P154. The effectiveness of double incision technique in uterus preserving surgery for placenta percreta

Ibrahim Polat (TR), Burak Yücel (TR), Ali Gedikbasi (TR), Halil Aslan (TR), Aysun Fendal (TR)

[Polat] Kanuni Sultan Suleyman Research and Training Hospital, Istanbul, Turkey, [Yücel] Kanuni Sultan Suleyman Research and Training Hospital, Istanbul, Turkey, [Gedikbasi] Kanuni Sultan Suleyman Research and Training Hospital, Istanbul, Turkey, [Aslan] Kanuni Sultan Suleyman Research and Training Hospital, Istanbul, Turkey, [Fendal] Kanuni Sultan Suleyman Research and Training Hospital

Context: Placenta percreta (PP) is a life-threatening condition that places patients at risk of massive bleeding. It necessitates very complicated surgery and can result in mortality. Caesarean hysterectomy is the accepted procedure worldwide; however, recent studies discussing conservative treatment with segmental resections have been published. Foetal extraction and segmental resection can be performed through the same incision (single uterine incision) or through two different incisions (double uterine incision). Objective: In this study, we aimed to evaluate the effectiveness and results of the double incision technique. Methods: Twenty-two patients with a diagnosis of PP who underwent conservative surgery were included to study. Patients: Segmental resection was performed via single incision (SI) in ten patients and double incision (DI) in twelve patients. Interventions: When the PP was not involved in the area of the previous uterine incision and the bladder dissection was considered feasible, the trans-placental segmental approach was preferred.
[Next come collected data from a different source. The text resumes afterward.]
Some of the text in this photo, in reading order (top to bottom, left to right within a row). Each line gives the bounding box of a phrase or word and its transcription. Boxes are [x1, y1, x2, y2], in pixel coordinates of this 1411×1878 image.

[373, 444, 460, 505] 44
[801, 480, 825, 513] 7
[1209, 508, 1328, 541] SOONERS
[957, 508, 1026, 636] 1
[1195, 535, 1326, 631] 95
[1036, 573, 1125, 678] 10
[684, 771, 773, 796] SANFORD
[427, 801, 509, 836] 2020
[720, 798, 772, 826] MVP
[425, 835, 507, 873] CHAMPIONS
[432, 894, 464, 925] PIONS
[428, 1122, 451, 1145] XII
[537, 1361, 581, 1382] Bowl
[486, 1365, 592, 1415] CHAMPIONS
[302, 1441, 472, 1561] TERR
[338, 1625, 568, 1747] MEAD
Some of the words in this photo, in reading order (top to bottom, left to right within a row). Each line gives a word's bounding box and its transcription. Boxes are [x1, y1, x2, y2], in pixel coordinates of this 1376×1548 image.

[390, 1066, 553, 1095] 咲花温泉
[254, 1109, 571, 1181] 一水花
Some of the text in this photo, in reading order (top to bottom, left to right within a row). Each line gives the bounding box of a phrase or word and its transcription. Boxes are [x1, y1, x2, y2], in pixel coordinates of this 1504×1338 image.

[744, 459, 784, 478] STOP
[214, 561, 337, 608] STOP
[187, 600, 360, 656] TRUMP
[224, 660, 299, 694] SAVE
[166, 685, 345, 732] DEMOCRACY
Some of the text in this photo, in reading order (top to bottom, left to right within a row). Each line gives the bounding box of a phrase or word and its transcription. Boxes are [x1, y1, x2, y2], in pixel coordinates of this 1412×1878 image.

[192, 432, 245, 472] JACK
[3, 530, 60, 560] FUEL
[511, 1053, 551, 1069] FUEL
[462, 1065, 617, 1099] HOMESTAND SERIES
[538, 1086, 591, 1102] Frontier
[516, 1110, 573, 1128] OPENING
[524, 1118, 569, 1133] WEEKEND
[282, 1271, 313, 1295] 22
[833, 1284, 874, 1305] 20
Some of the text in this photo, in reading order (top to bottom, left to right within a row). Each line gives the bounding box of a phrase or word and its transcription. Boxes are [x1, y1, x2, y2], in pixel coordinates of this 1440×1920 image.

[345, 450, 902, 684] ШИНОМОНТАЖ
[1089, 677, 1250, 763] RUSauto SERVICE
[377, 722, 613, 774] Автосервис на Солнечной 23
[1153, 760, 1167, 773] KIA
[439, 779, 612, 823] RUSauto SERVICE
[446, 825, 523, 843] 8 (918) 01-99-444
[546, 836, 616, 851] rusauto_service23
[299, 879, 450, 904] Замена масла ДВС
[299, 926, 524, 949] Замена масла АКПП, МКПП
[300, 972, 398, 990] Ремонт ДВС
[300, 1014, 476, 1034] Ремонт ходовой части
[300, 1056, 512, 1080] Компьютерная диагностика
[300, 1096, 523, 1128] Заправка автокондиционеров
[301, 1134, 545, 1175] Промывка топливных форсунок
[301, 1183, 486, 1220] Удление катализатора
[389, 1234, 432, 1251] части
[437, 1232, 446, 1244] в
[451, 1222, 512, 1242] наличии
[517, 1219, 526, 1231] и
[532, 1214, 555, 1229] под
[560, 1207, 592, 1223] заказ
Following the dissection of the retro-vesical space, hysterotomy was performed at the upper border of the involved segment. The myometrium with pathologic placental adherence was incised in the shape of an ellipsoid or wedge (SI technique for segmental resection). However, the presence of a wider placental adhesion area did not allow for a trans-placental approach; in these cases, a transverse corporeal or vertical uterine incision was performed to avoid placental damage, and the foetus was immediately delivered through the uterine incision. And then, as with the technique utilized for SI, the entire adhesive placental area was removed (DI technique for segmental resection). Main outcome: There were no complications in the SI group. In the DI group, conservative surgeries were successful in 11 (91.66%) patients. Measures and Results: There was no difference between groups in terms of age, gravida, number of previous caesarean deliveries, gestational age at delivery, or rate of elective surgeries. The operation time, transfusion requirement, intensive care unit admission, total hospitalization and success of conservative surgery were comparable. Conclusions: Based on the outcomes of our study, double uterine incision allows for the safe extraction of the foetus during uterus-preserving surgery in patients with placenta percreta without worsening the results compared to single uterine incision.